Baker led the Nats to two postseasons in two years, but some of the same fatal flaws we saw in his postseason managing like going to his worst reliever first in a key game was just part of it. Last night, Baker had the .088 and struggling Jose Altuve bat first in his batting order. With runners at the corners and one out, Altuve rolled into a tailor-made doubleplay to snuff out one rally. Nats fans remember a struggling Jayson Werth starting every game of the 2017 NLDS while Howie Kendrick rode the bench. Loyalties went far and Werth to this day still has Dusty’s back like several players do. You can’t go to Sammy Solis to blow the save when you have every one of your top relievers available, and that’s what Nats fans debated in Baker’s postseason decisions.
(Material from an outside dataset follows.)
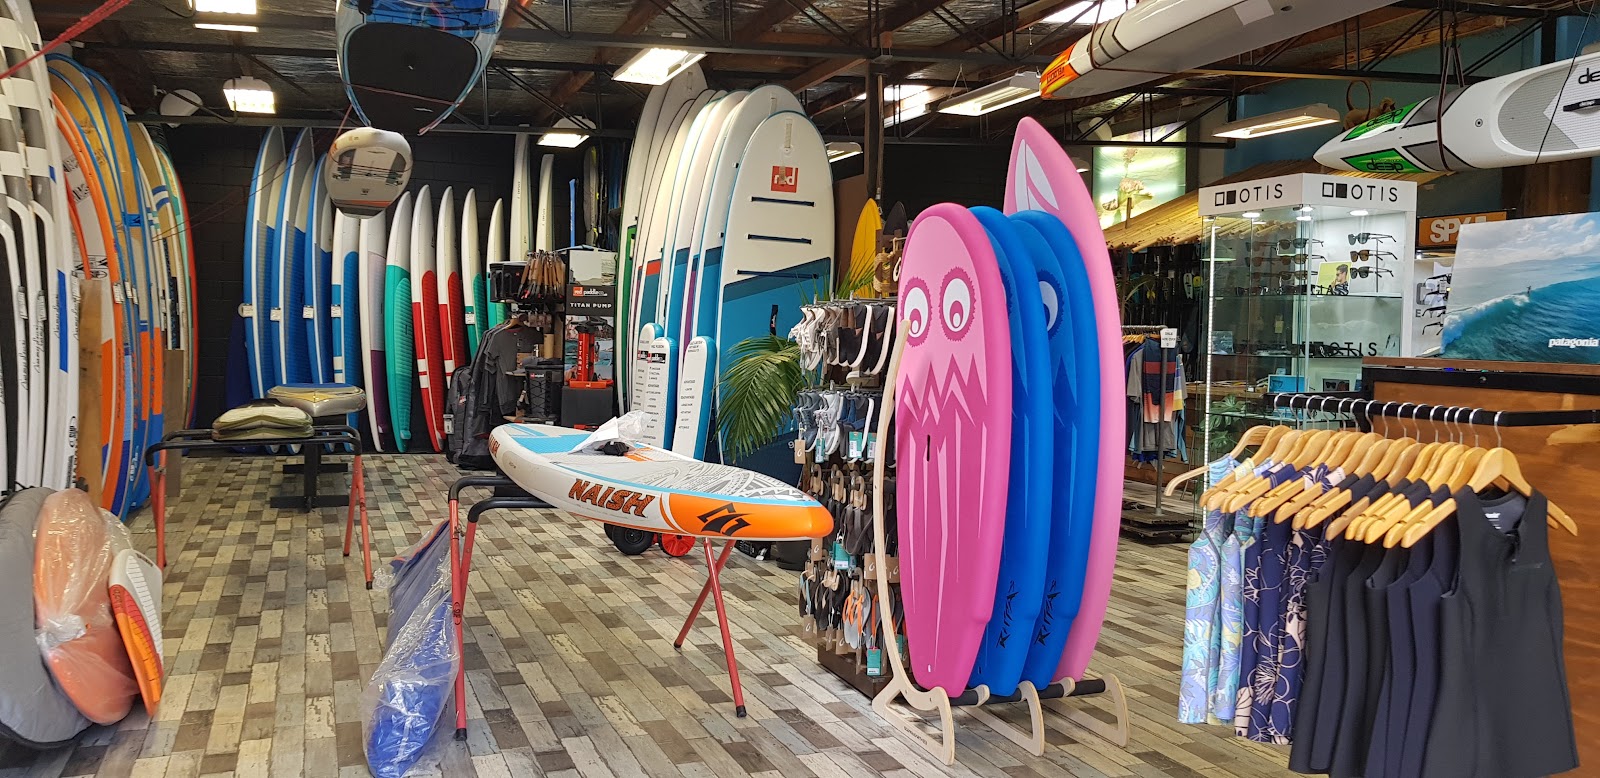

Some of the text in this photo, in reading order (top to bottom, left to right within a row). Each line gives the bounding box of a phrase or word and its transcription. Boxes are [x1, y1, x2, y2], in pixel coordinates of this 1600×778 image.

Hi Lev situations call for the use of the best you have.

One time Baker was pressed why he played the struggling Danny Espinosa in the NLDS with the Nats, and Baker angrily shot back with an answer that sealed the fate of Espinosa after the season, and sources also told us it did not sit well with Baker’s boss, Mike Rizzo. As Jesse Spector of the Sporting News wrote“In addition to giving his own player the most ringing vote of non-confidence maybe ever, Baker posed a question for which there are multiple viable answers.” Espinosa was traded after the 2016 season. Here was Dusty’s response:

“Well, who else do I have [besides Espinosa to play]?” Baker said before the scheduled Game 2 of the NLDS. “That’s my answer. I mean, you can give me somebody better, then I can play somebody instead of [Espinosa]. You know, certain times, you have certain people on your team, and that’s what you’ve got.”

Roster construction, and lineup construction matters in a postseason game, and certainly some of the blame could have been on Rizzo. Manager Dave Martinez was right, it is the little things, and they are magnified in the postseason by about a factor of 23 as compared to the regular season. One postseason win in a 7-game series is worth about 23 wins in the regular season. Fours wins are equal to 92 wins in the regular season. Four losses are equal to 92 losses.

“I didn’t listen to it,” Martinez said in a Forbes interview about calls to be fired in 2019. “I just came in every day to do my job. The focus was to stay positive with the boys, let them know that, hey, this will turn around, we’ve got to play together as a team. Don’t point fingers. Things will work itself out and they did.”

Managers are hired to be fired someone once said. It is one of the toughest jobs in sports. Few have stacked up to the success of Baker with taking five different teams to the postseason, twelve postseason appearances, and three World Series appearances. He is so far ahead of the average manager. But he shouldn’t be free from criticism.

Criticizing managers is nothing new for the media in hindsight. But let’s face it, most were saying this in real-time on twitter or on blogs as the fourth and fifth innings were unfolding — stunned that Baker made no move in either inning. If the Astros win tonight, they still have a great chance to win this series. If not, they are in trouble. The best teams rebound when the going is tough. This will be a big test for Houston.